The deep roots of mature trees bring up negatively charged water along with vital minerals and trace elements, acting as bio-condensers and “harmonizing positive energy from the sun with the negative energy of the earth,” writes Alick Bartholomew, author of The Spiritual Life of Water. Evapotranspiration from leaves of trees and shrubs is a balanced creative energy, he says.
Trees are the lungs and air conditioners of our biosphere. Scientists in Germany and the UK demonstrated that trees create and release atmospheric aerosols—biogenic volatile organic compounds such as alcohols, esters, ethers, carbonyl, terpenes, acids and other compounds—that essentially filter the sun’s radiation; and they do other things we still don’t understand. Terpene aerosols help create clouds and produce an albedo effect, one that reflects more sunlight back into space. One large tree, for instance, produces the cooling effect of ten room-sized air conditioners operating 24 hours a day.
The tree “is a chemical factory,” says botanist and biochemist Diana Beresford-Kroeger. They broadcast a host of chemicals into the environment that may travel for hundreds of kilometres, as well as affect the immediate area. Researchers testing California’s Sierra Nevada forest found 120 substances, of which only 70 could be identified.

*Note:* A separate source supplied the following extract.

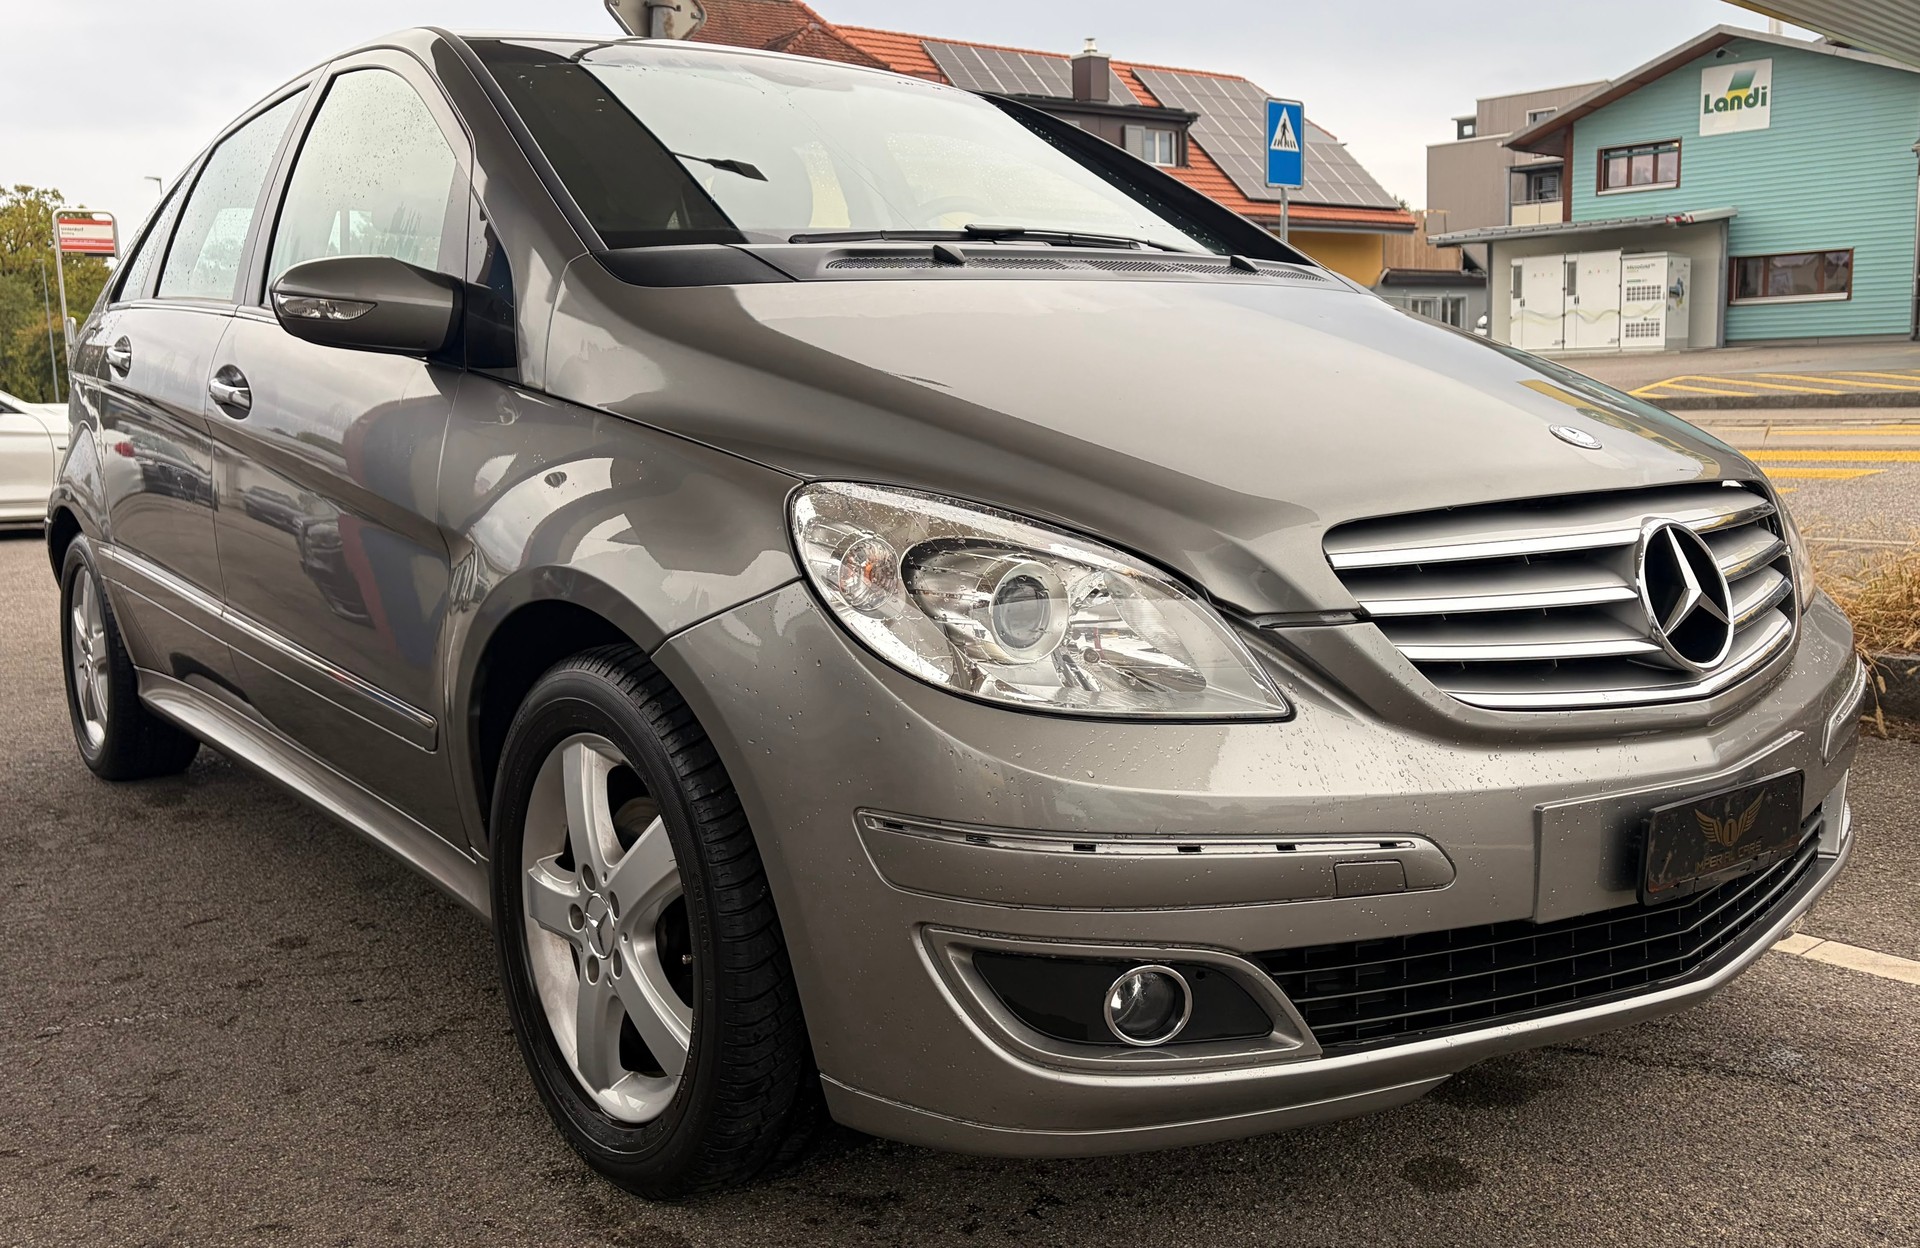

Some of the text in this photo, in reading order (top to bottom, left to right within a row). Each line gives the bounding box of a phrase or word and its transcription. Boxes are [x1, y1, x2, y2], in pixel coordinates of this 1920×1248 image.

[1703, 85, 1768, 115] Landi
[1694, 840, 1762, 873] IMPERIAL CARS

Aerosols released by trees are part of a sophisticated survival strategy, Beresford-Kroeger adds. Two studies published in 1983 showed that willow trees, poplars and sugar maples warn each other about insect attacks; undamaged trees then pump bug-repelling chemicals to ward off the attack. Black walnut trees emit juglone, an aerosol that repels competing nearby plants and some insects. Some tree roots emit a volatile substance that attracts useful fungi. Karban and his team at the University of California–Davis, demonstrated that airborne communication between individual sagebrush plants (called “eavesdropping”) helped neighbouring plants resist attacks.

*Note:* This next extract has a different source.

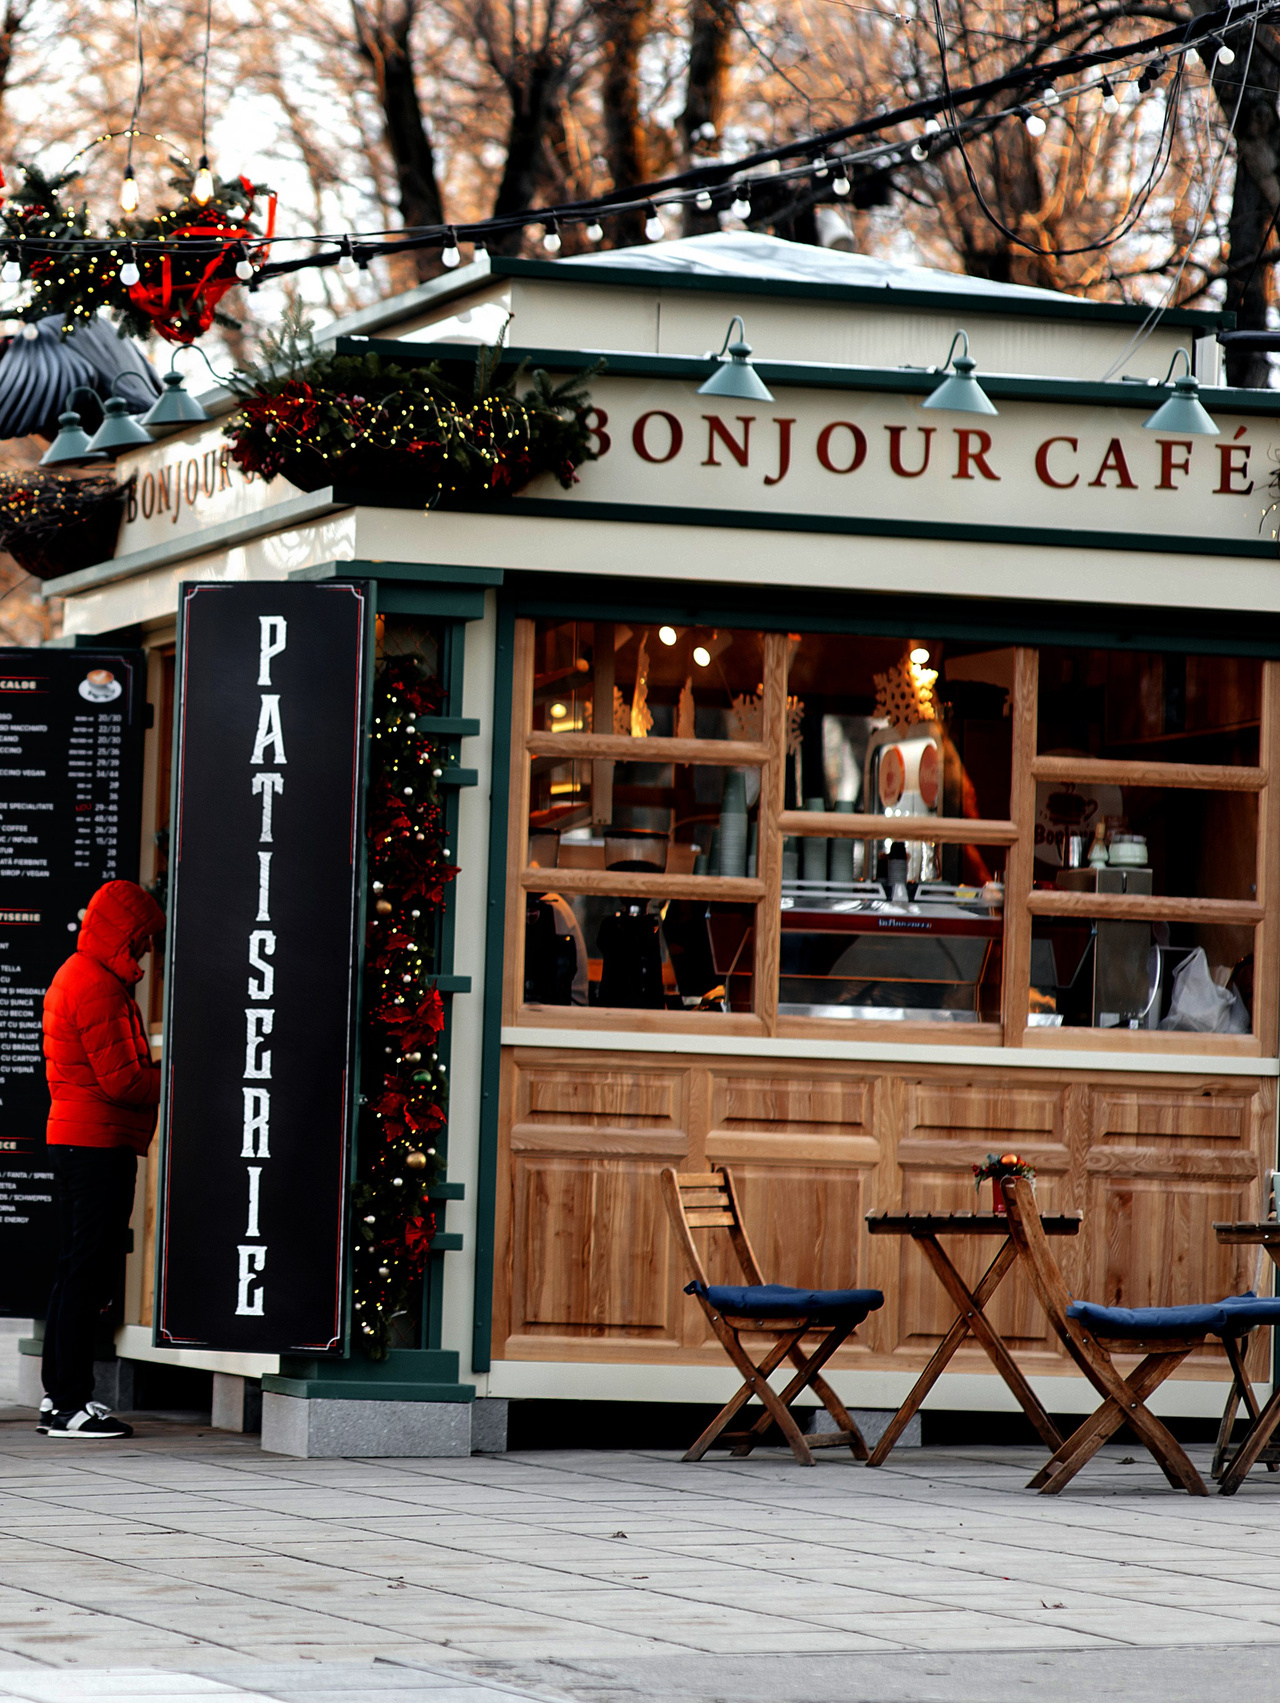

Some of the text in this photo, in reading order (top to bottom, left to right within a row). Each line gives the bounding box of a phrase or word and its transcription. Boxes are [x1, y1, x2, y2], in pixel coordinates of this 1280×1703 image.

Beresford-Kroeger believes that trees help maintain the health of the natural world, as they constantly shower healing chemical mists into the air. “These substances are at the heart of connectivity in nature,” says Beresford-Kroeger. For instance, during a walk through a pine forest on a warm day, the sharp pungent smell of pinene (a monoterpene), helps to relieve asthma. Another monoterpene aerosol, limonene, has an ability to fight cancer, demonstrated by Dr. Michael Gould at the University of Wisconsin.
The notion that forests are linked to health is practised seriously in Europe and the East, in countries such as Japan, Russia and Korea. Shinrin-yoku (Japanese for “forest bathing” or “wood-air bathing”) is a recognized practice in the East and is gaining interest in the West as a natural form of aromatherapy and relaxation therapy.

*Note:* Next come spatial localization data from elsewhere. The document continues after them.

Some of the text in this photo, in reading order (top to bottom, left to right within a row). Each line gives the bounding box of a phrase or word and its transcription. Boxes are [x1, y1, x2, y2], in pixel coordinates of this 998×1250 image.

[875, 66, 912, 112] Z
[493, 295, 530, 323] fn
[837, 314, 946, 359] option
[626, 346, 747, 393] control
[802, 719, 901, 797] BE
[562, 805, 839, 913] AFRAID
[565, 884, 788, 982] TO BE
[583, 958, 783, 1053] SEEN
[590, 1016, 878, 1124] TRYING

Robbins shares the following story about Dr. A. Kukowka, a professor of medicine in Greiz, Germany, who recounted his experience beneath a crown of massive yew trees on a warm day. At first disorienting, the experience became one of exhilaration in which he envisioned paradise, angelic music, and felt “indescribably happy.” Kukowka concluded that the terpene emitted from the trees had affected him.
Is this a story of fancy or does it have some validity? Why do we feel so good around trees and in the forest? And why do some forests please us more than others? When I enter a forest or woodland, a calming force descends upon me; perhaps it is the healing mist of trees. My mind quiets and embraces a state of meditative wellbeing, soothed by the gentle rustle of leaves or the cursive clanking of tall poplars in the wind.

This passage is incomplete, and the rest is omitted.